C-3PO and Chewbacca play Dejarik in Star Wars IV: A New Hope
R2-D2 and Chewbacca play Dejarik while C-3PO looks on, in Star Wars IV: A New Hope

One the strongest cinematic memories from my childhood is from Star Wars (surprise surprise). C-3Po R2-D2 and Chewbacca are playing a type of holographic chess on the Millennium Falcon, passing the time as they speed through space. The game pieces move and interact with each other and— even cooler— they fight! I wanted one of these Dejarik sets, and dreamed of a time when holographic games and toys became a reality.

Judging by the last few months on the internet, that time is well on its way. Augmented Reality is set to bring those holographic moments to anyone with a computer and a webcam, or even a mobile phone. Last night I gave my kids a printout of the newest Star Trek poster and told them to hold it up to the computer screen (at Experience the Enterprise).

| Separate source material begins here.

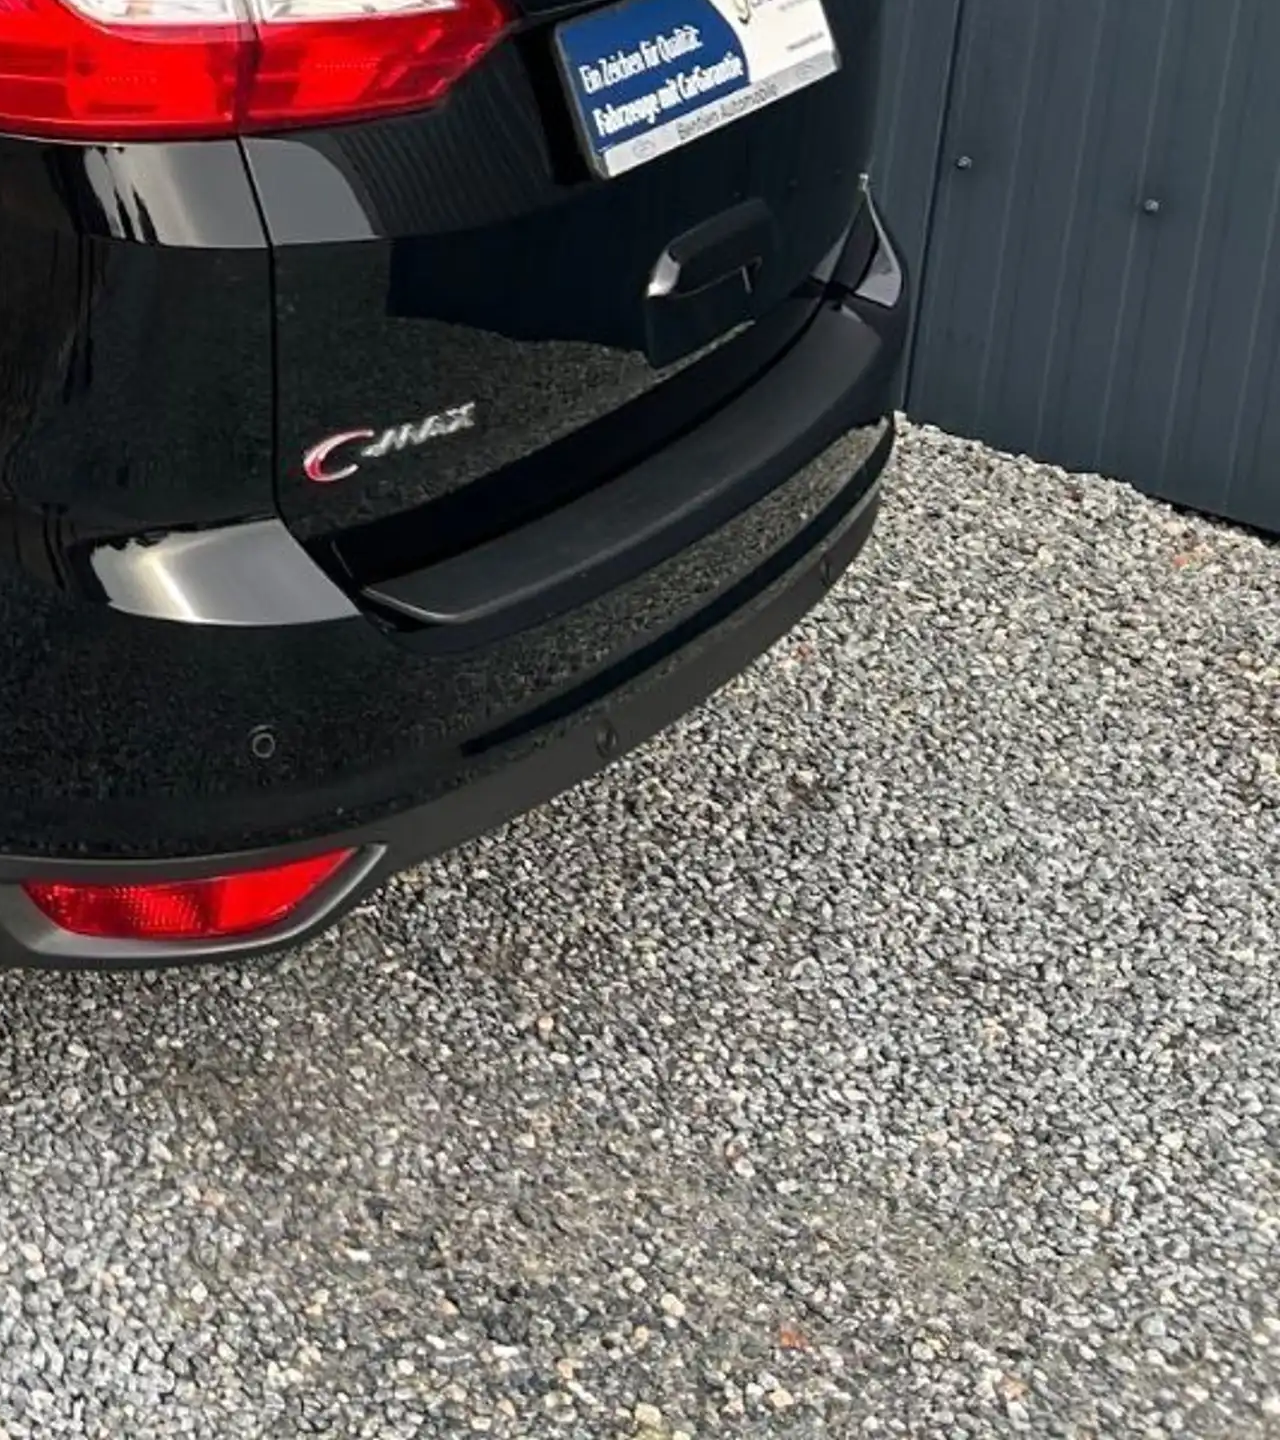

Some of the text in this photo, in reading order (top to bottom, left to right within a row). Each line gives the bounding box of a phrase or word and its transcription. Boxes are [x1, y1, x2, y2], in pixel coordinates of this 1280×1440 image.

I watched their surprised faces when, on screen, they were suddenly holding a diminutive replica of a three-dimensional spaceship. Both of them loved the experience, and immediately started testing it’s boundaries: how much could they bend the paper, how far away could they stand, how close could they bring the paper into the camera. It was amazing to watch them instinctively push the limits of the technology. My son kept looking at the computer and then back at the paper he was holding, trying to figure out why it was invisible in real life.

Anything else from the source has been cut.